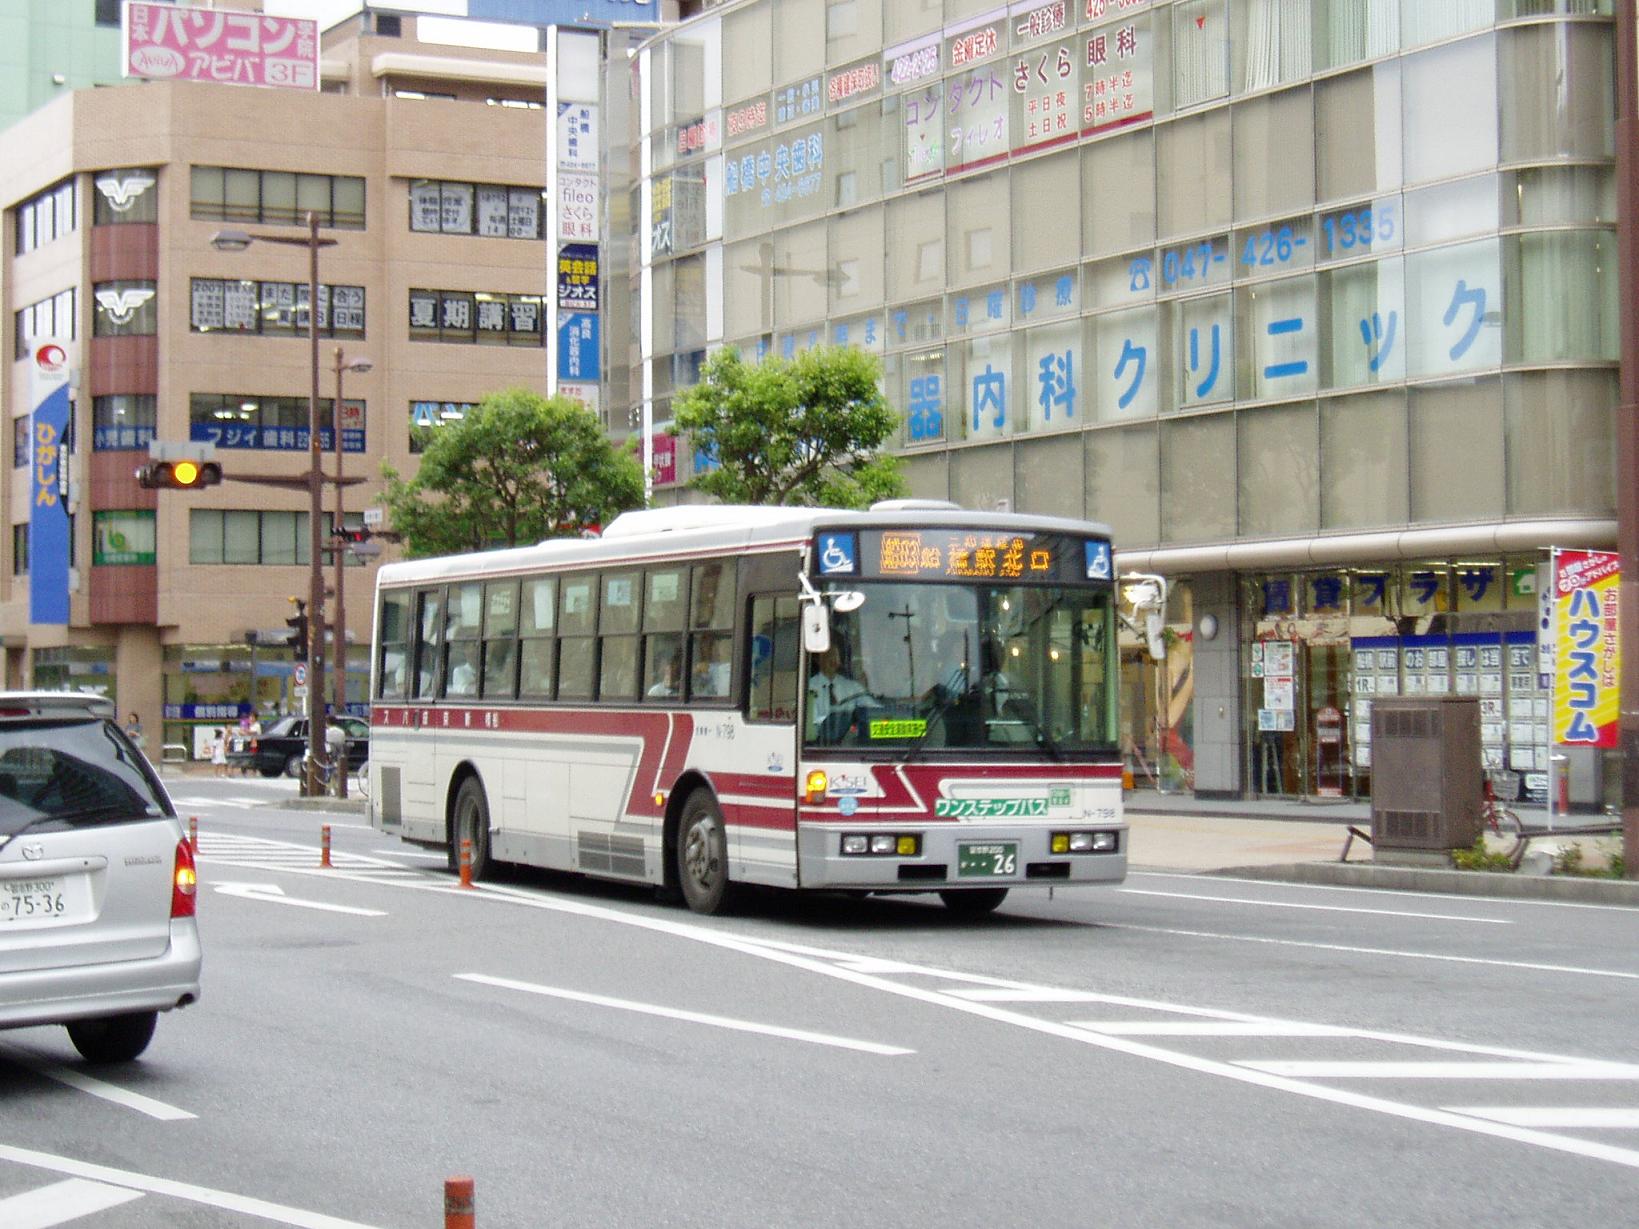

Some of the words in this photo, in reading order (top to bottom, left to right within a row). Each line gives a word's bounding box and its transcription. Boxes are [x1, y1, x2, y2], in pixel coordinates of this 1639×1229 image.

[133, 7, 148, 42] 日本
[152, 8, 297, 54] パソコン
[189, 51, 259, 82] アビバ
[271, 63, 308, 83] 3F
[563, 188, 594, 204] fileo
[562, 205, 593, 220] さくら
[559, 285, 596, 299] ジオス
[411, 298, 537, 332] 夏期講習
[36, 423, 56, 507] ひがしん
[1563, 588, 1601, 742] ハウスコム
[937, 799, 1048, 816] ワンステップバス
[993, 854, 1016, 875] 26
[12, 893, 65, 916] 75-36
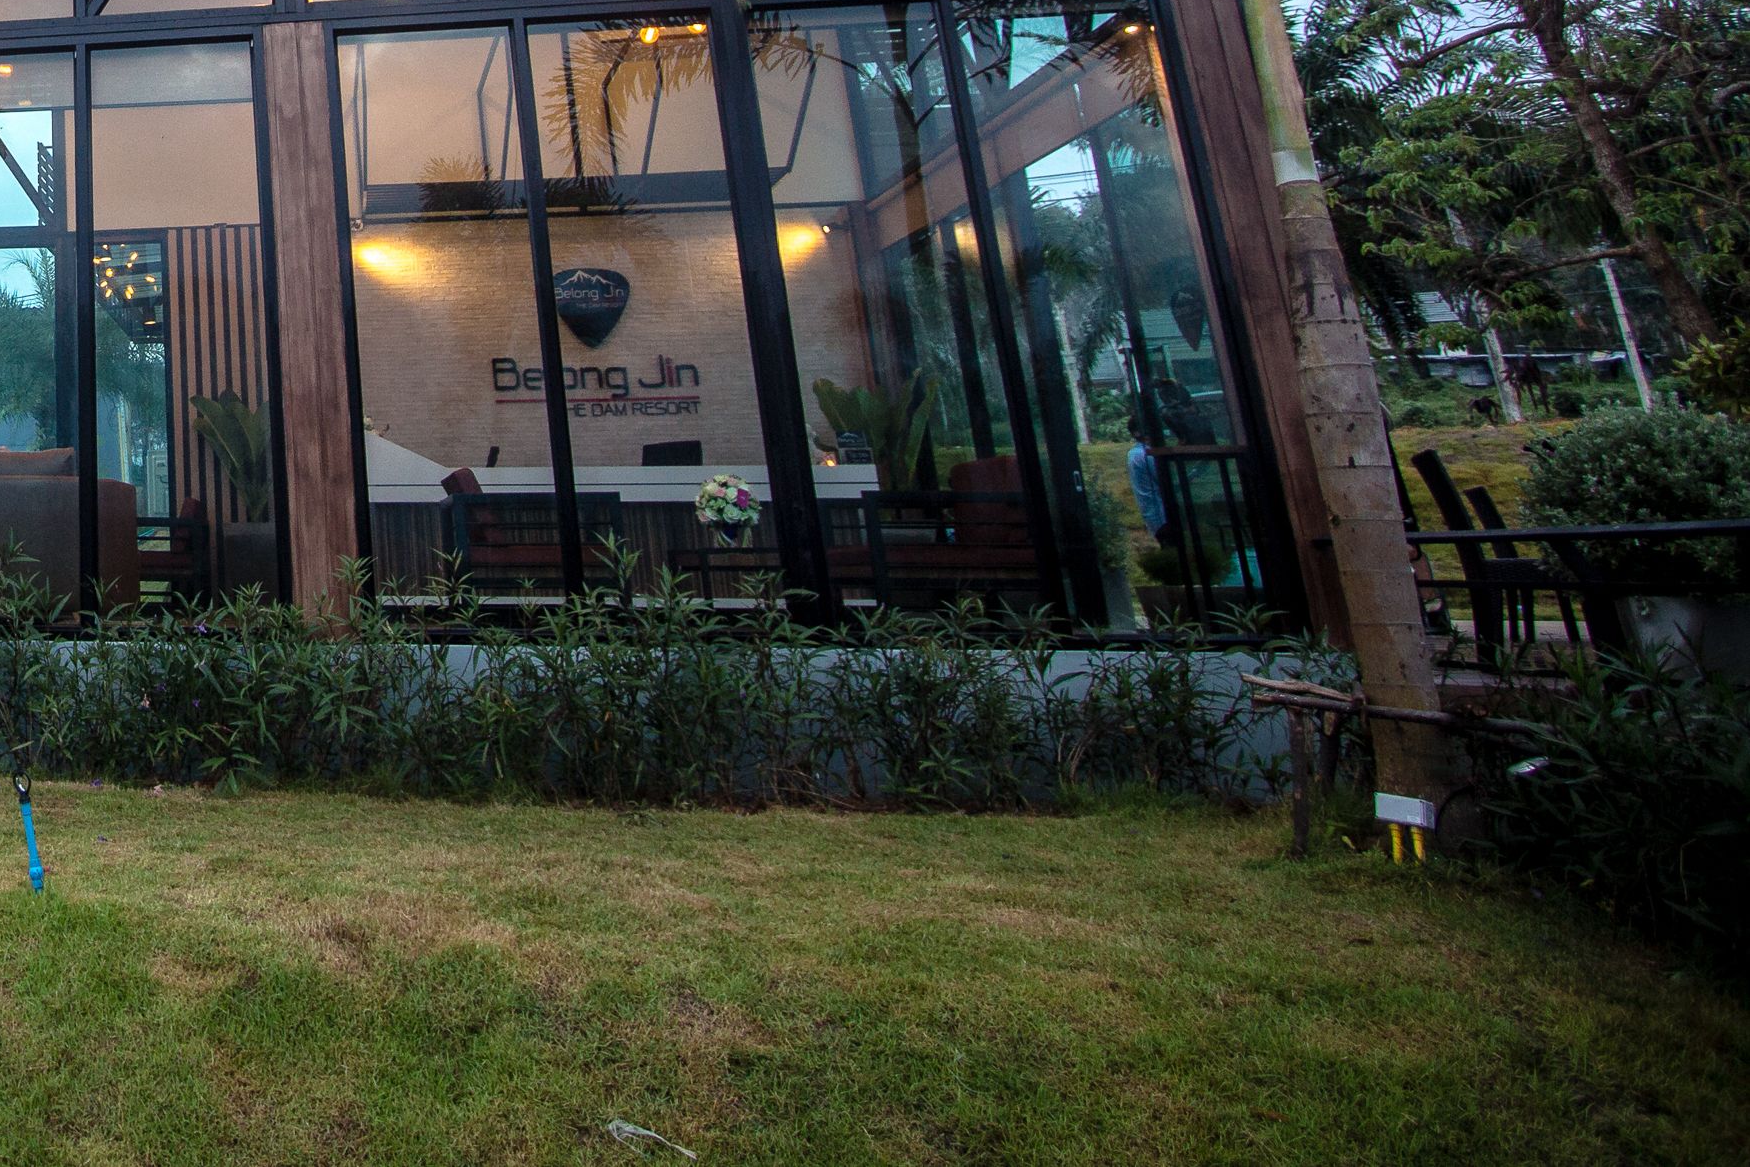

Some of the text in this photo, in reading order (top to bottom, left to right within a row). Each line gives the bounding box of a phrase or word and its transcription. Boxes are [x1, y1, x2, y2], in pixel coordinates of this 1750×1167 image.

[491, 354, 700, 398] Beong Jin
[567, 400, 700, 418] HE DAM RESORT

☆ ☆ ☆ ☆

Could you reproduce the records above exactly, leaving out the pictures?

**YOUR RESPONSE**
Some of the words in this photo, in reading order (top to bottom, left to right within a row). Each line gives a word's bounding box and its transcription. Boxes are [x1, y1, x2, y2], in pixel coordinates of this 1639×1229 image.

[133, 7, 148, 42] 日本
[152, 8, 297, 54] パソコン
[189, 51, 259, 82] アビバ
[271, 63, 308, 83] 3F
[563, 188, 594, 204] fileo
[562, 205, 593, 220] さくら
[559, 285, 596, 299] ジオス
[411, 298, 537, 332] 夏期講習
[36, 423, 56, 507] ひがしん
[1563, 588, 1601, 742] ハウスコム
[937, 799, 1048, 816] ワンステップバス
[993, 854, 1016, 875] 26
[12, 893, 65, 916] 75-36

Some of the text in this photo, in reading order (top to bottom, left to right within a row). Each line gives the bounding box of a phrase or word and its transcription. Boxes are [x1, y1, x2, y2], in pixel coordinates of this 1750×1167 image.

[491, 354, 700, 398] Beong Jin
[567, 400, 700, 418] HE DAM RESORT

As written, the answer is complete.